WHAT TO PRODUCE: Transcribe exactly, and only, the lines that run from the one containing "this 2352×1568 image." through the end of the records.

══ MATERIAL SUPPLIED ══

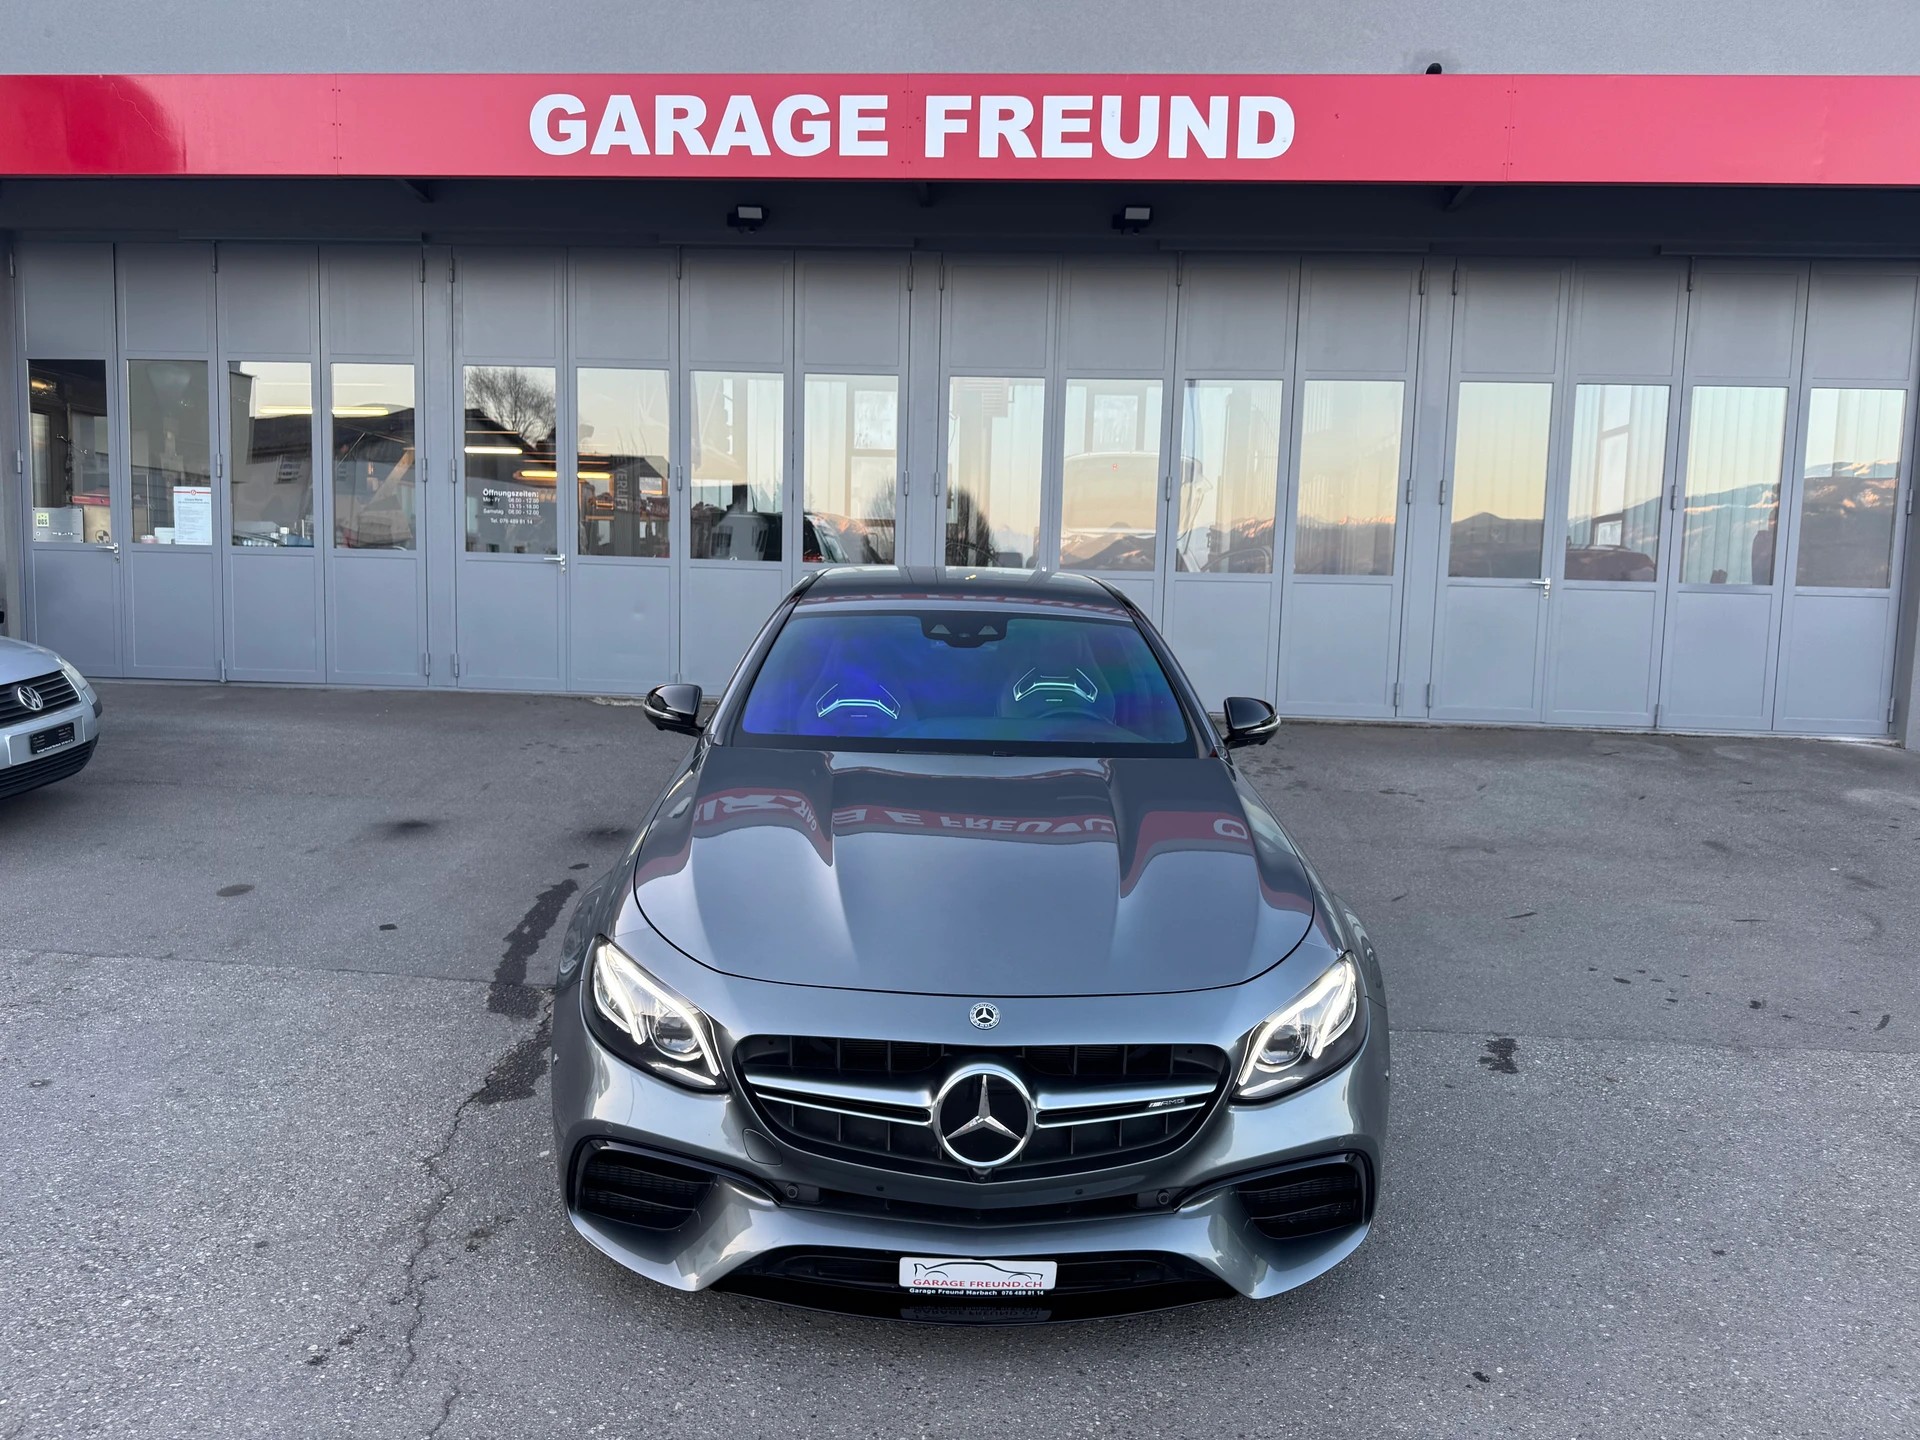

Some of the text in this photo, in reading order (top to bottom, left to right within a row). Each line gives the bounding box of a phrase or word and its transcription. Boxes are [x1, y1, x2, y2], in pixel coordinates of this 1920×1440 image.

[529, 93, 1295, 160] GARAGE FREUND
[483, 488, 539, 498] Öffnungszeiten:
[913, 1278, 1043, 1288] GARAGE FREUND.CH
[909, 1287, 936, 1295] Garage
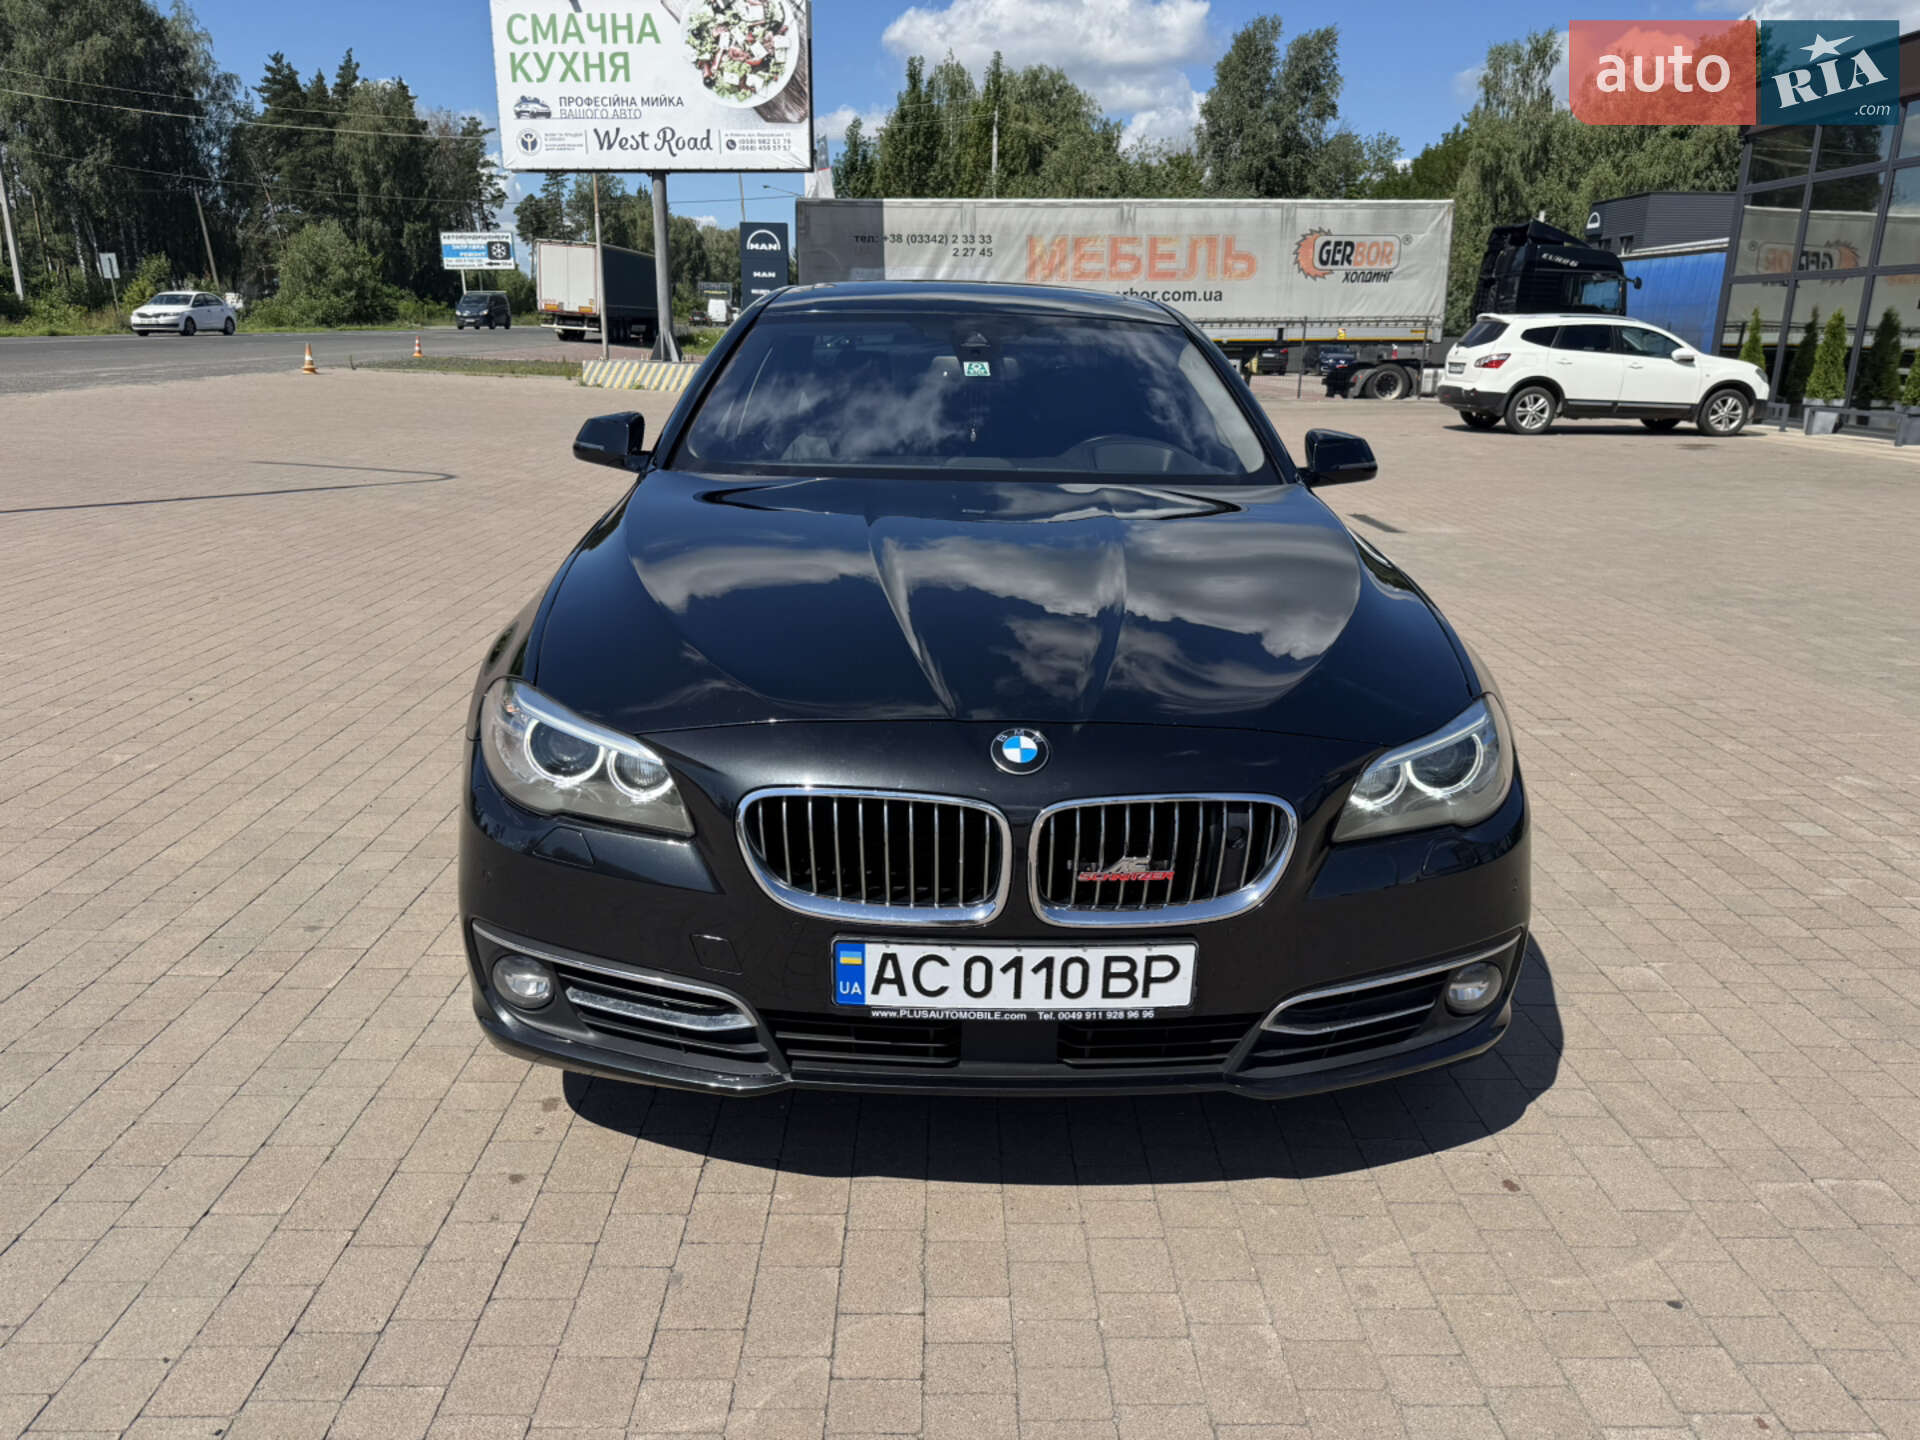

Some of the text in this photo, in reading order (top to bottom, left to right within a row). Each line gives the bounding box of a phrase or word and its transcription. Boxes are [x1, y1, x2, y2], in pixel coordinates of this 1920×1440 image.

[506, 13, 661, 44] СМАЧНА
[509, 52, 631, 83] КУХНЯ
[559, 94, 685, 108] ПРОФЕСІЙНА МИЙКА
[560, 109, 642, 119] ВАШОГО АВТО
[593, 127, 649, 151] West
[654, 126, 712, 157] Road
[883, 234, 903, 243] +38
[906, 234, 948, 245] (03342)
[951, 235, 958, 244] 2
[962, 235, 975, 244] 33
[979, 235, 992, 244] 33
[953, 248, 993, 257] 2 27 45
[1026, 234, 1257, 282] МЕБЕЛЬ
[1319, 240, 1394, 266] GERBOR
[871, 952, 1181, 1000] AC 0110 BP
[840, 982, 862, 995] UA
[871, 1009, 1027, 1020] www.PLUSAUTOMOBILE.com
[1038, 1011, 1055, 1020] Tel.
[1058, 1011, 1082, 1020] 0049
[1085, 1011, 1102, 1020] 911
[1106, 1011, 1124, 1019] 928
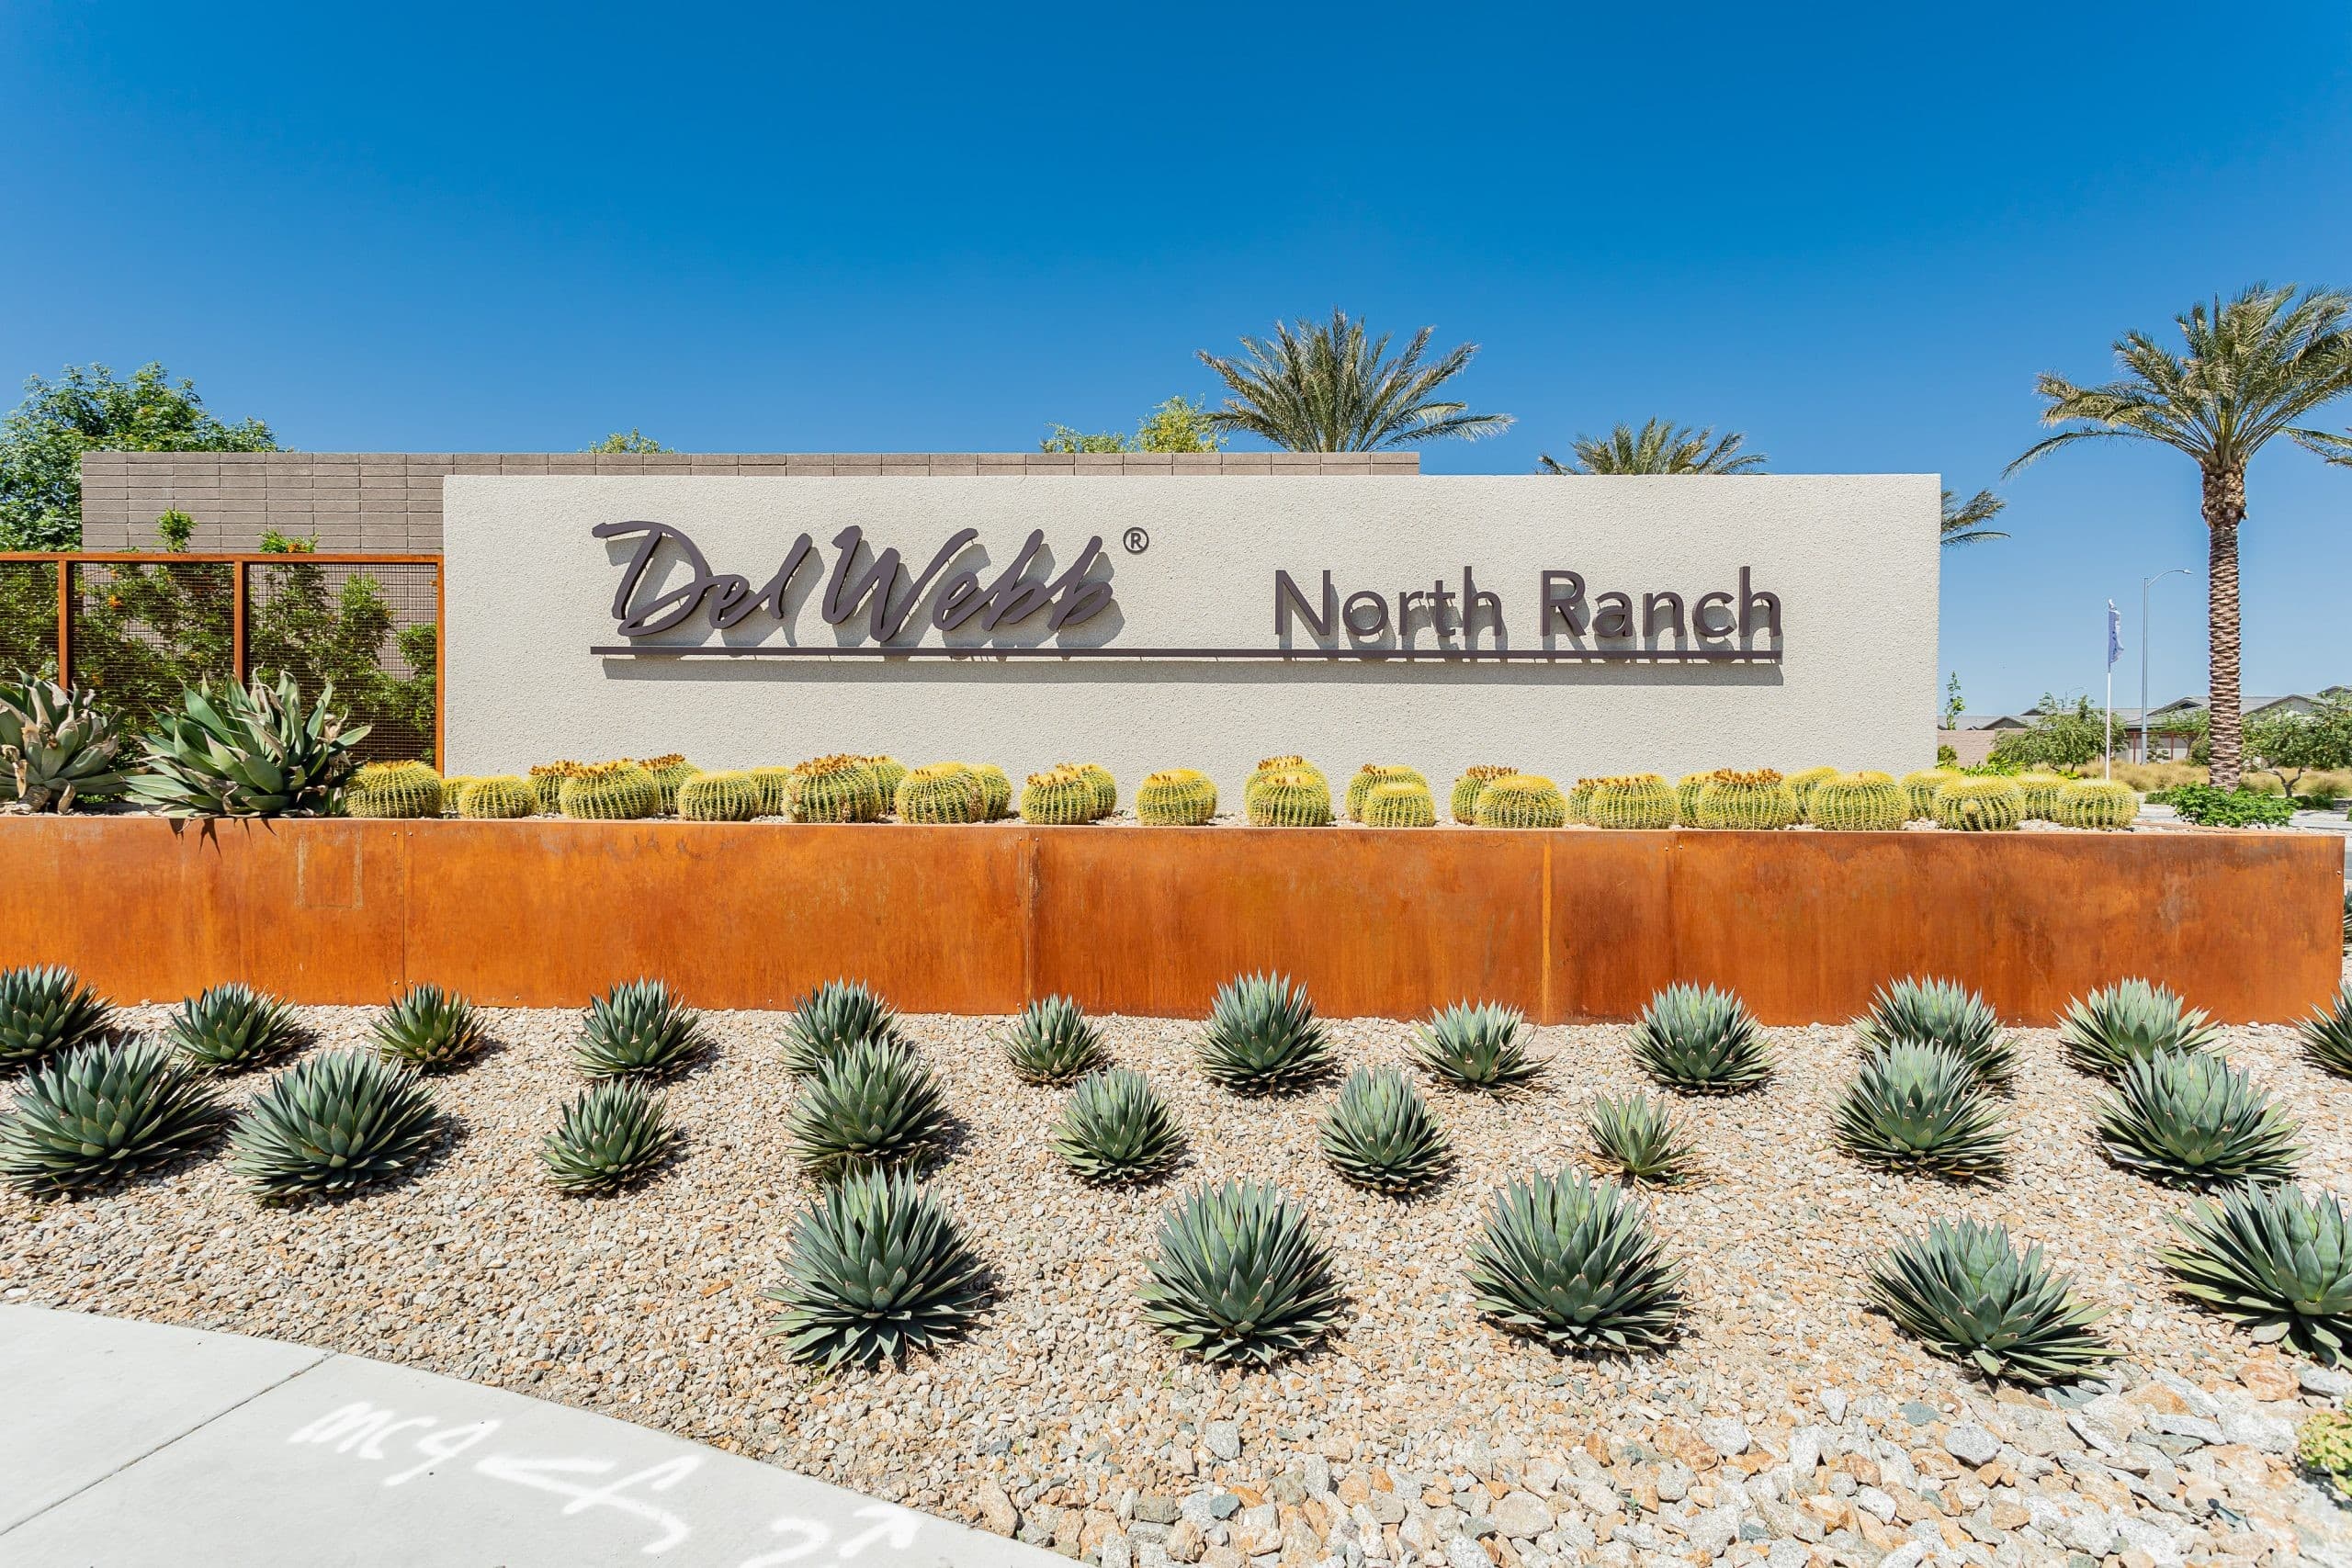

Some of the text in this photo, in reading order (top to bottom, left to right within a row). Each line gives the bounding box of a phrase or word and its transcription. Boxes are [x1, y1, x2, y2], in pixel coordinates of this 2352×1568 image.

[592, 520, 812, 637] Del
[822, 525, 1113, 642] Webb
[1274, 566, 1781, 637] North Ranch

═══

RESPONSE BELOW:
Some of the text in this photo, in reading order (top to bottom, left to right within a row). Each line gives the bounding box of a phrase or word and its transcription. Boxes are [x1, y1, x2, y2], in pixel coordinates of this 2352×1568 image.

[592, 520, 812, 637] Del
[822, 525, 1113, 642] Webb
[1274, 566, 1781, 637] North Ranch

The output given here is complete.